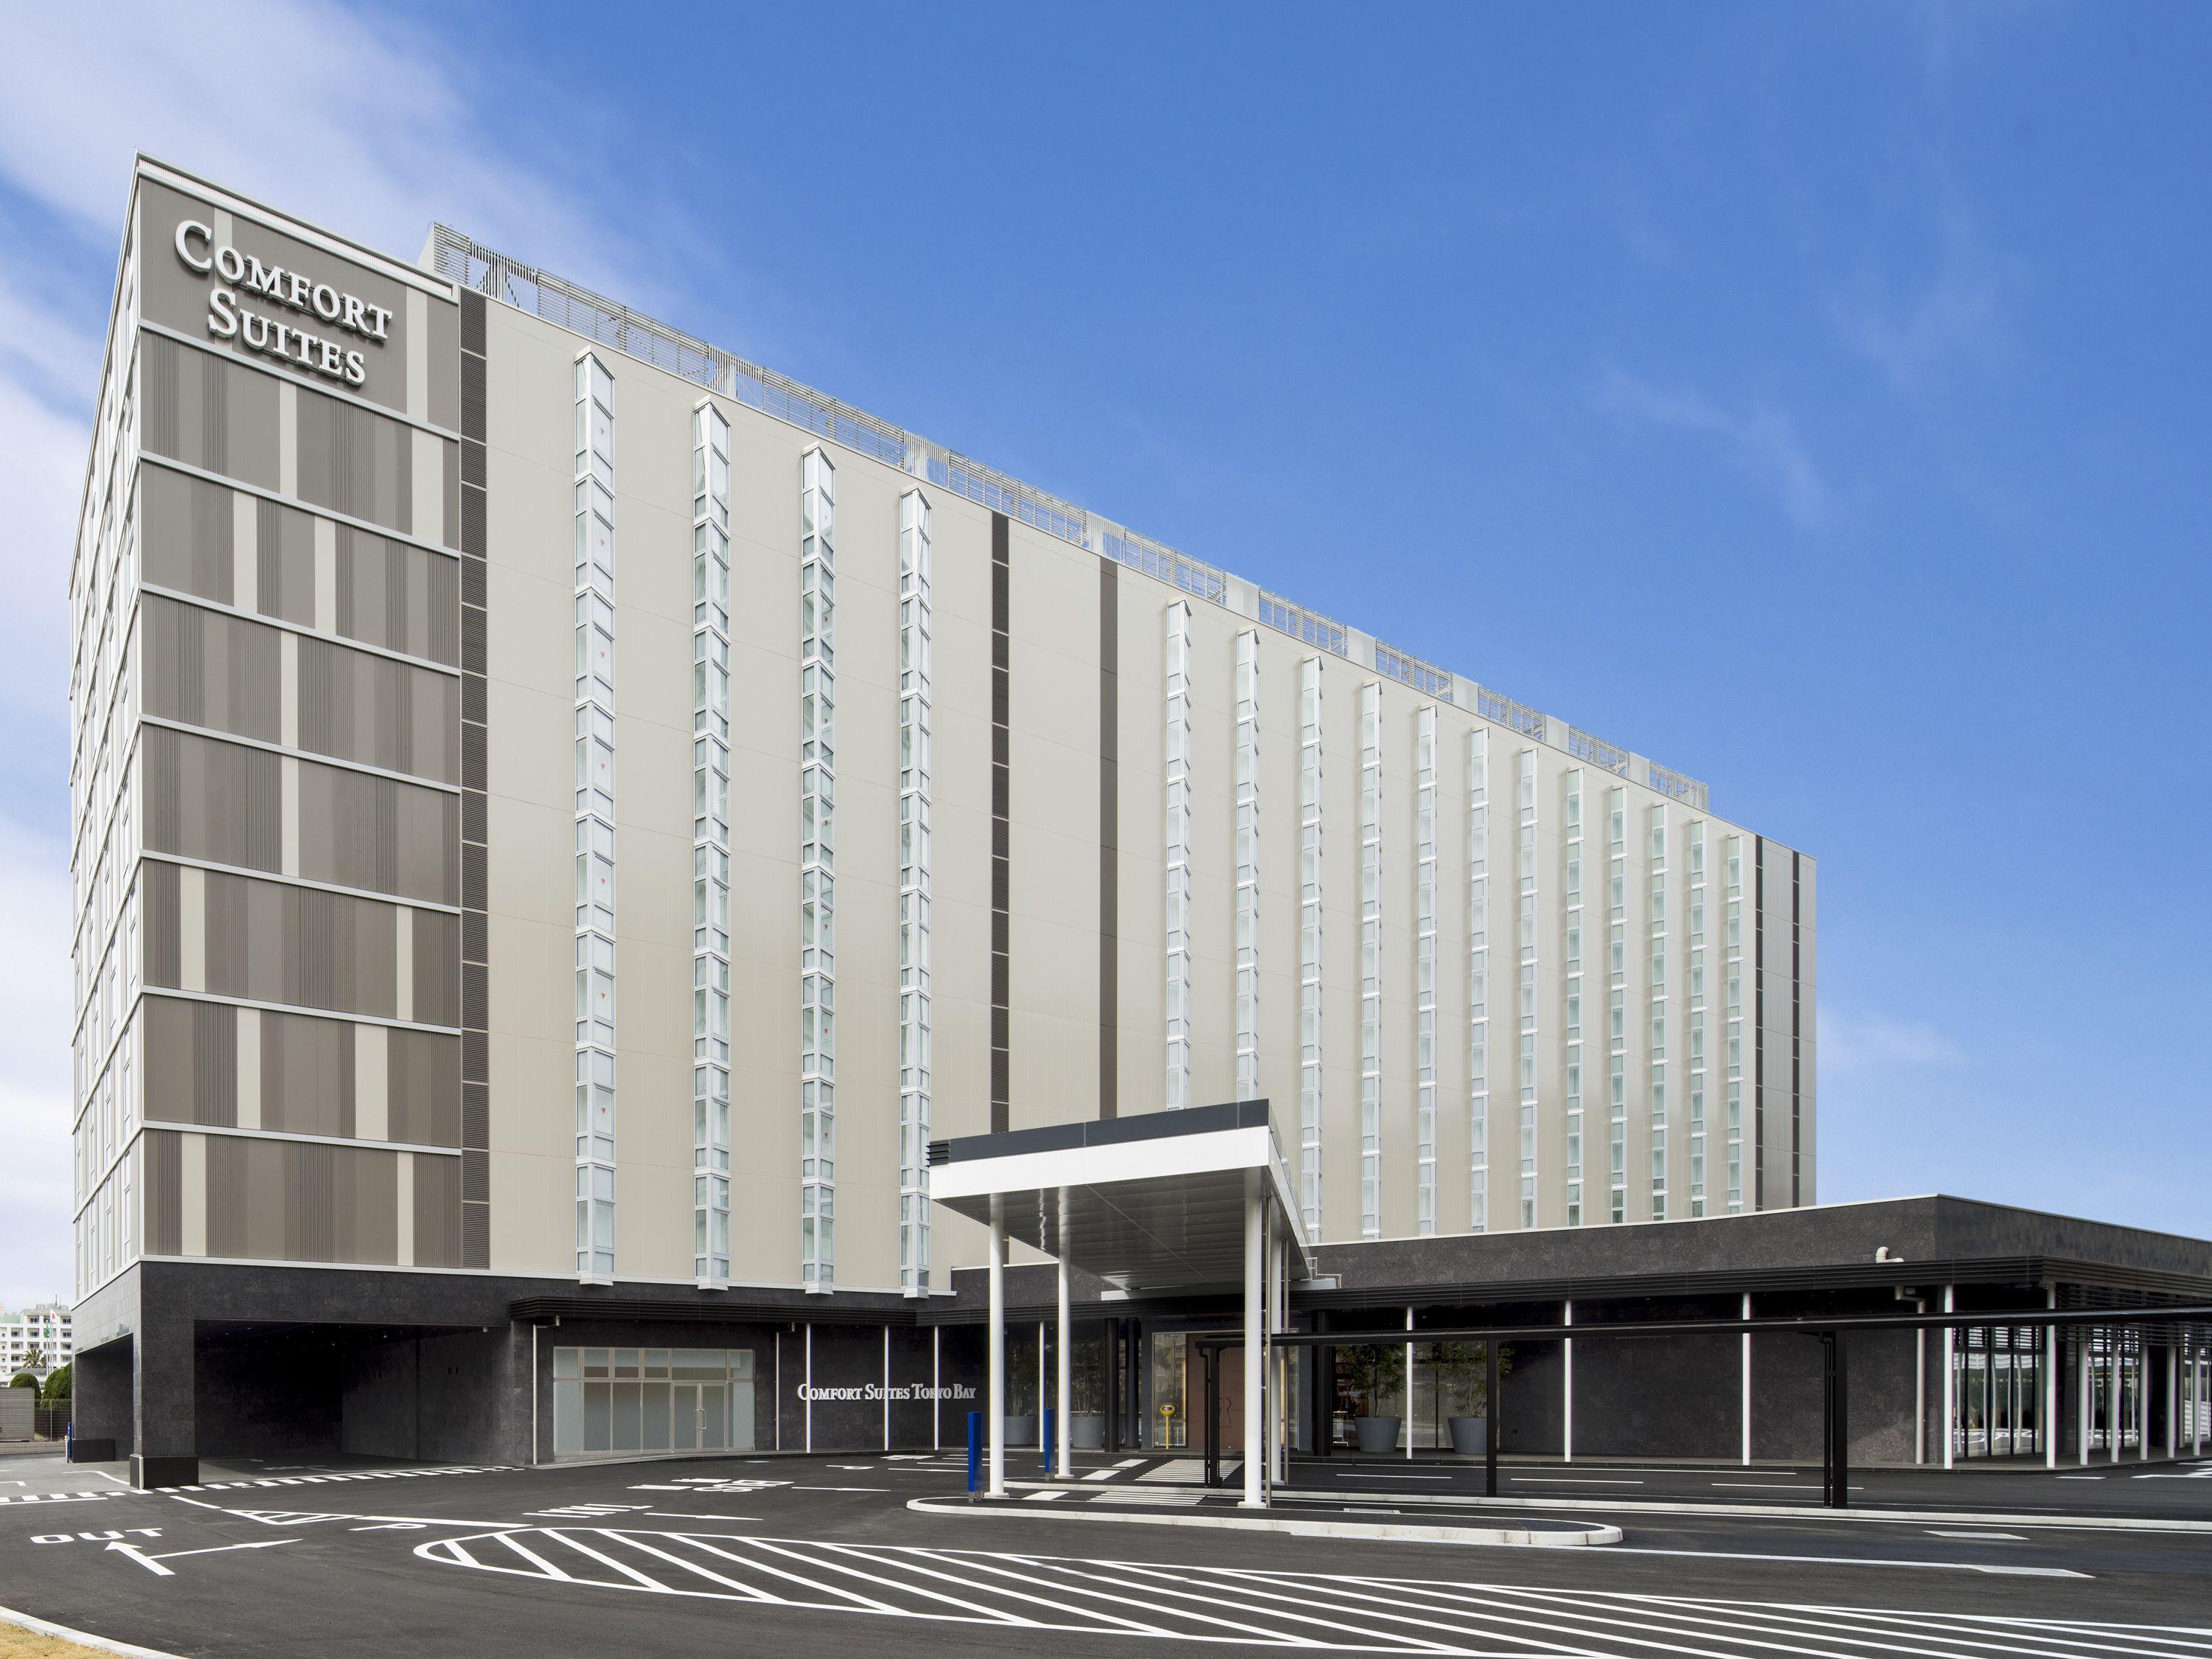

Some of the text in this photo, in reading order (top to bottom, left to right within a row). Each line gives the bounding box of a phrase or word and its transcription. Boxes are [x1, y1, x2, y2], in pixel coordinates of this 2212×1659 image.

[175, 220, 392, 342] COMFORT
[208, 288, 366, 386] SUITES
[797, 1383, 863, 1400] COMFORT
[953, 1383, 977, 1399] BAY
[30, 1528, 162, 1544] OUT

● ● ● ● ●

* Exercise goal: Each record above has to be written out again in full, but its pictures must not be.

* Answer to the exercise:
Some of the text in this photo, in reading order (top to bottom, left to right within a row). Each line gives the bounding box of a phrase or word and its transcription. Boxes are [x1, y1, x2, y2], in pixel coordinates of this 2212×1659 image.

[175, 220, 392, 342] COMFORT
[208, 288, 366, 386] SUITES
[797, 1383, 863, 1400] COMFORT
[953, 1383, 977, 1399] BAY
[30, 1528, 162, 1544] OUT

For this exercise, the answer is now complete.